Las sospechas sobre la coaptación de las investigaciones en la materia han llegado a tal punto que existen términos populares para referirse a ello. Uno de ellos es la expresión Monsanto shill, término utilizado para referirse a profesores, científicos y políticos que son pagados para empujar ciertos productos.

Un nuevo estudio publicado en la última edición de la revista científica PLOS ONE, confirma las sospechas de los grupos anti transgénicos.

En el estudio, científicos del Instituto Nacional de Investigación Agrícola de Francia determinaron que los conflictos de interés pueden encontrarse en un gran número de artículos publicados sobre cultivos transgénicos, y cuyos resultados tendieron significativamente a ser más favorable para la compañía que lo financió.

La investigación analizó cientos de artículos centrados en la eficacia o la durabilidad de cultivos modificados genéticamente y los lazos que los investigadores que realizaban el estudio tenían con la industria biotecnológica, en términos de afiliación a una determinada compañía o por el recibo de fondos o pagos de estos.

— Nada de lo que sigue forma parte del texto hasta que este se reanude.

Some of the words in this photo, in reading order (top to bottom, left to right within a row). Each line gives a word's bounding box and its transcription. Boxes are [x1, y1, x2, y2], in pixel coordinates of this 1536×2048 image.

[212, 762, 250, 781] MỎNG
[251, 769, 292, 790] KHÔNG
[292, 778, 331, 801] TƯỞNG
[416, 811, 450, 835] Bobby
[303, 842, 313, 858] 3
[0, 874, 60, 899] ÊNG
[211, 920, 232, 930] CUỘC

El estudio se centró en artículos científicos referentes al maíz y algodón desarrollado por Monsanto, Syngenta, Dow AgroSciences y DuPont Pioneer. En dichos cultivos se ha insertado una toxina resistente a plagas llamada Bacillus thuringiensis, o Bt.

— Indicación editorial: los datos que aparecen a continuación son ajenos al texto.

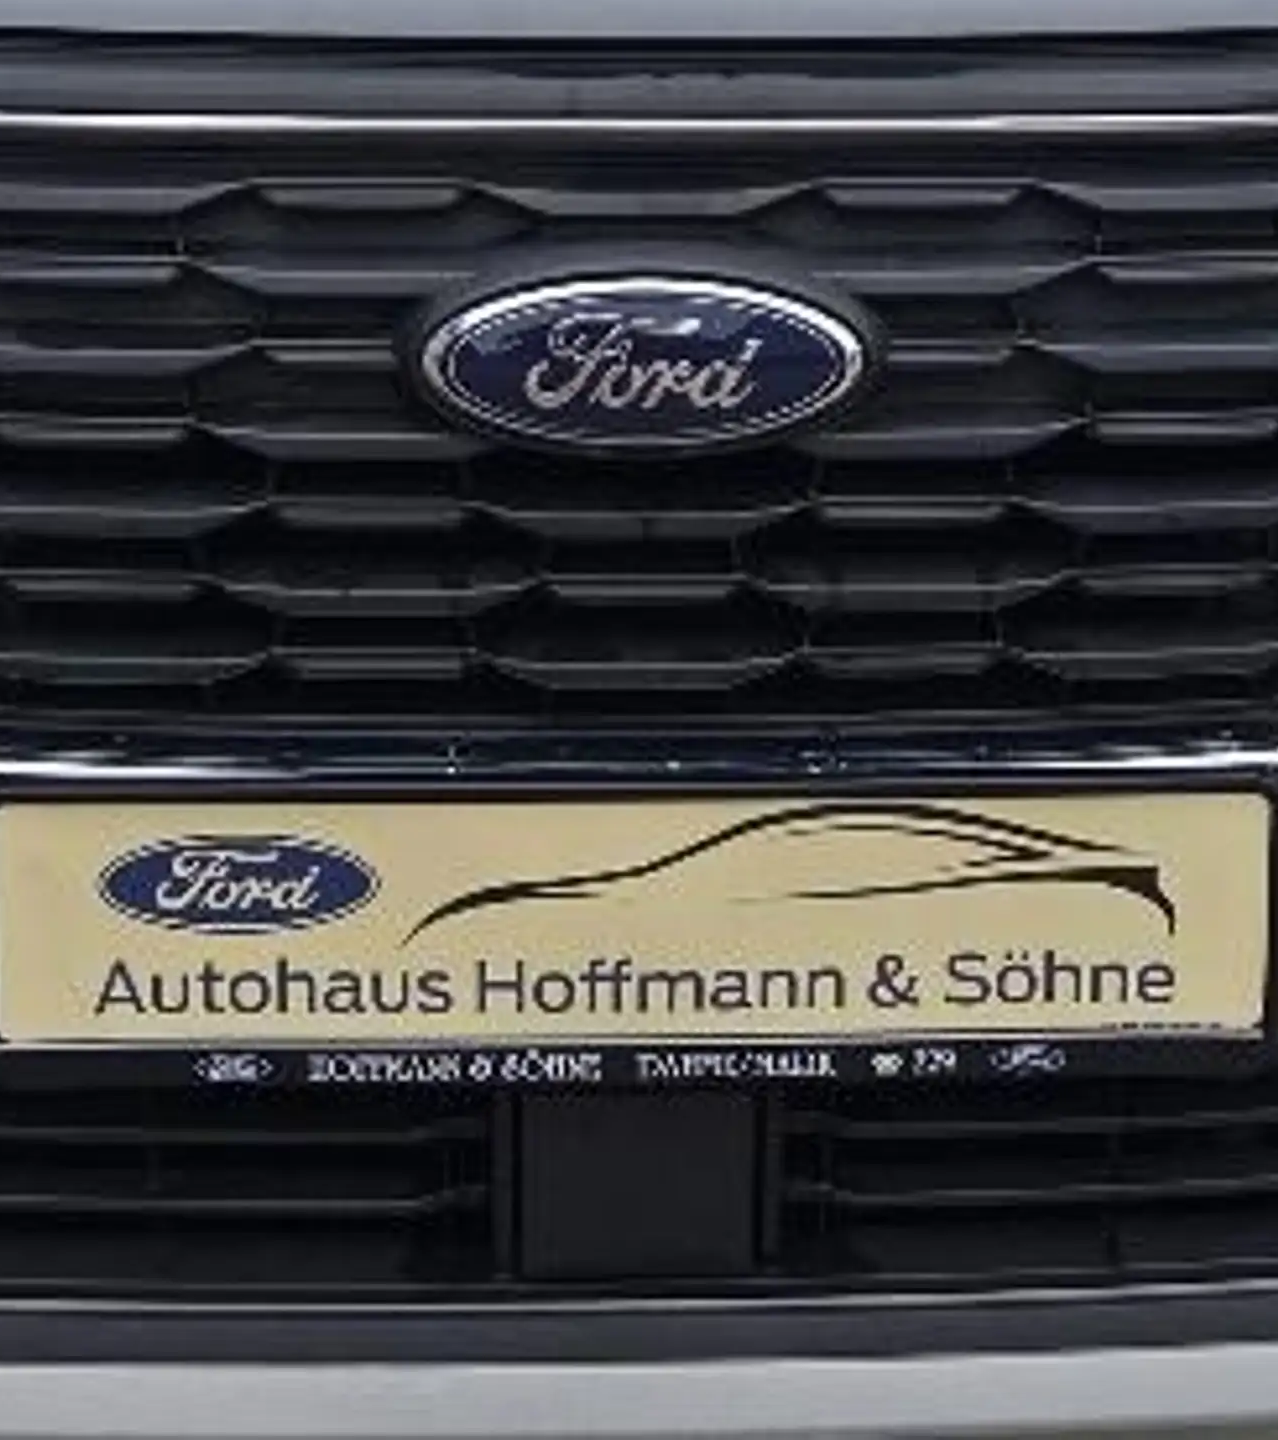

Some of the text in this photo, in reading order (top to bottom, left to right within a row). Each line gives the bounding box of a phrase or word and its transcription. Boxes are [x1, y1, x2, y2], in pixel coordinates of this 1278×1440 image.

[524, 312, 762, 409] Ford
[155, 850, 320, 912] Ford
[94, 948, 1176, 1016] Autohaus Hoffmann & Söhne

De acuerdo a la investigación, el 40 por ciento de los artículos sobre cultivos transgénicos muestran conflictos de interés en cuanto a los lazos entre los investigadores y la industria. A su vez, en comparación a publicaciones con ausencia de conflictos de interés, la presencia de estos se asoció con un 50 por ciento más alta frecuencia de resultados favorables a los intereses de la empresa de cultivos modificados genéticamente.

Esto significa que los conflictos de intereses no sólo son omnipresentes en la investigación de organismos modificados genéticamente, sino que además podrían distorsionar las conclusiones científicas respecto, en este caso, a la eficacia y/o durabilidad de este tipo de cultivos.

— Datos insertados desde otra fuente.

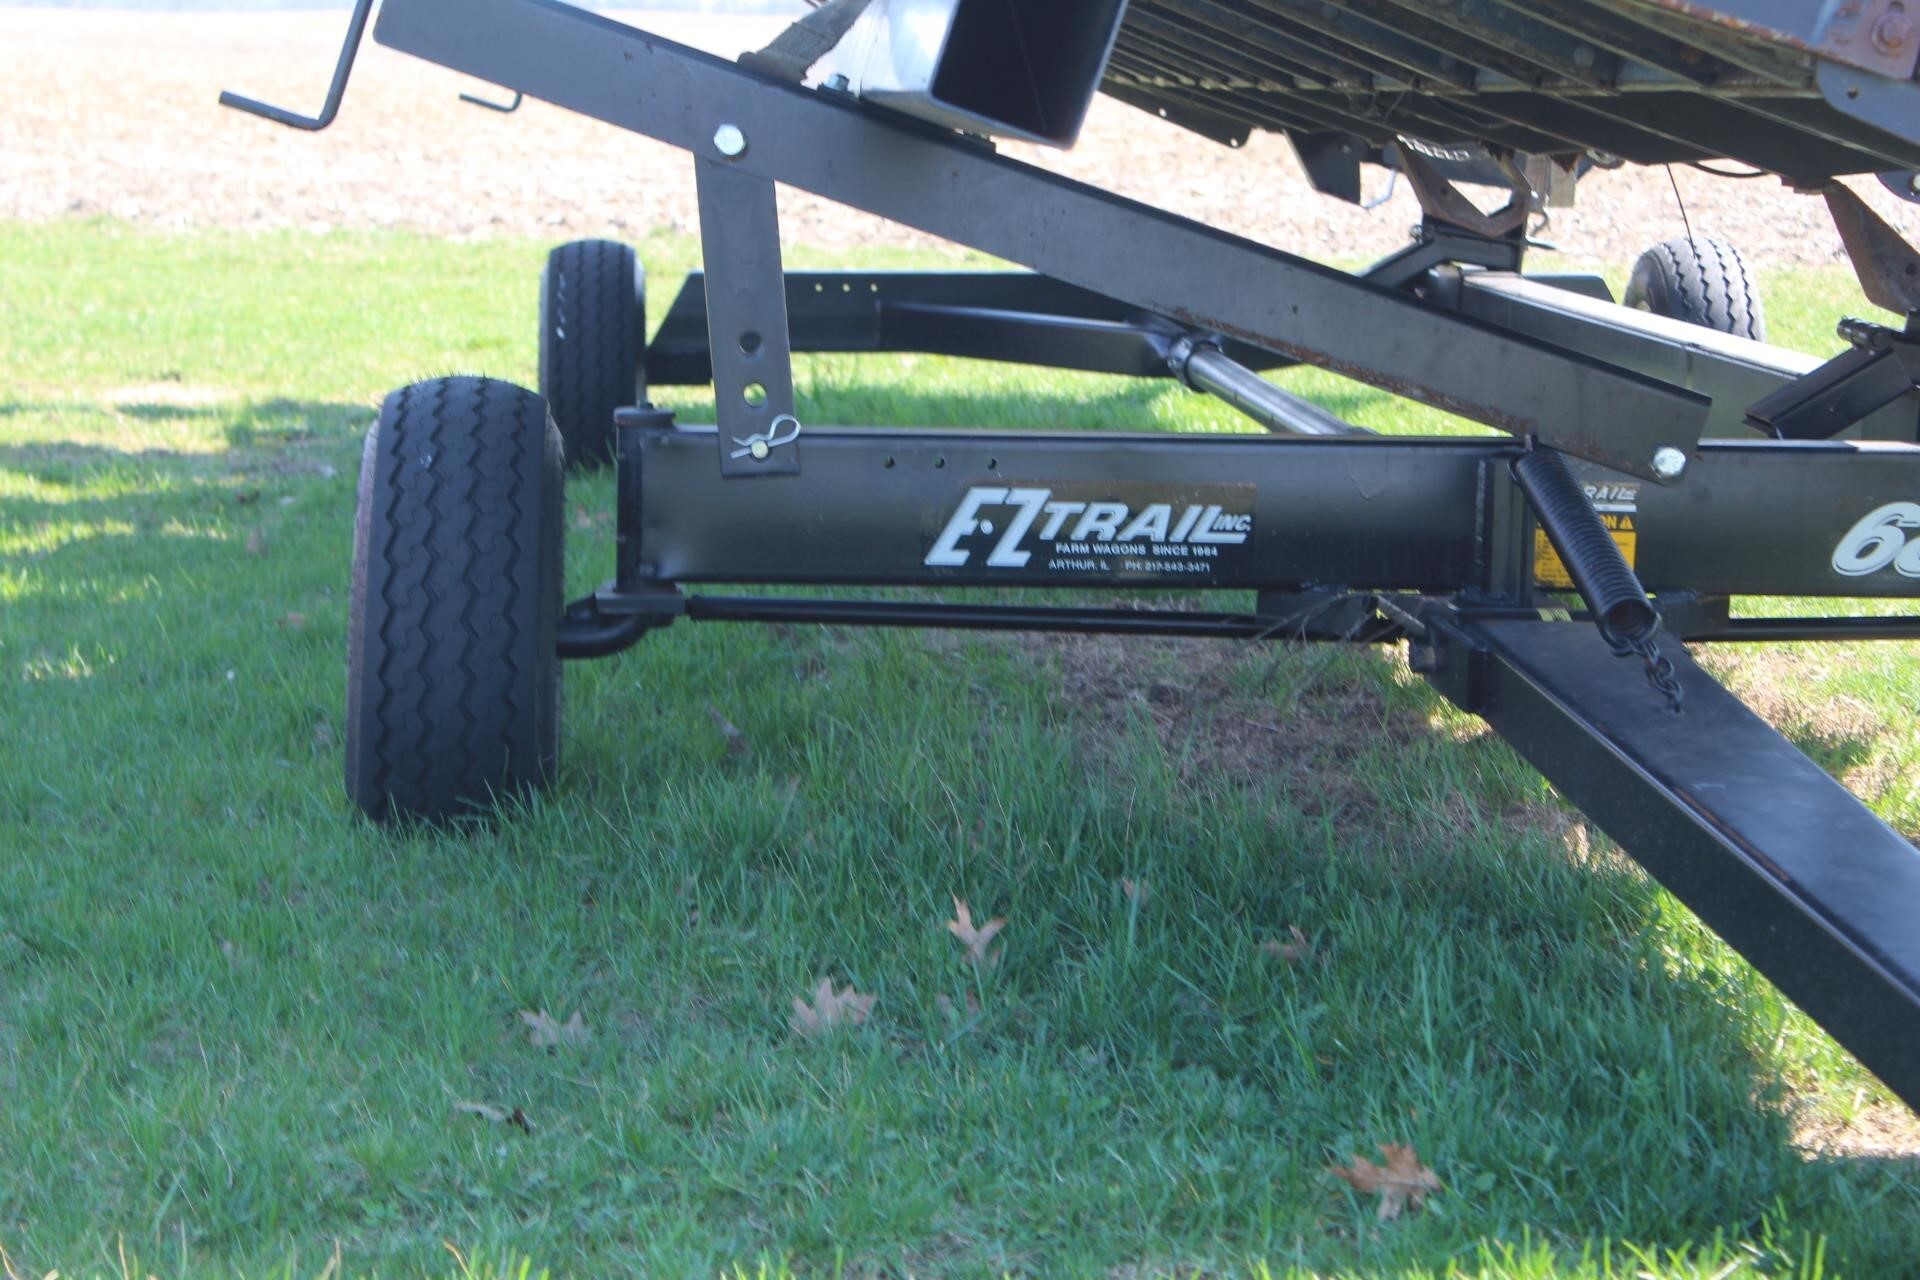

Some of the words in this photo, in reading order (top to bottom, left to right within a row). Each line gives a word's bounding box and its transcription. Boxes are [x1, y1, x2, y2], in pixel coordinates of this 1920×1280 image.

Thomas Guillemaud, autor principal y director de la investigación, señaló en declaraciones a AFP que él y su equipo encontraron 579 artículos que indicaban claramente si había o no conflicto de interés financiero.

De acuerdo a Guillemaud, de los 350 artículos sin conflictos de interés, 36 por ciento fueron favorables a las empresas de cultivos transgénicos. Sin embargo, de los 229 estudios con un conflicto de interés, el 54 por ciento fueron favorables a las empresas biotecnológicas.

Para el autor del estudio otras características y consecuencias de los cultivos transgénicos, incluyendo las relacionadas con el medio ambiente y la salud de las personas merecen una análisis similar.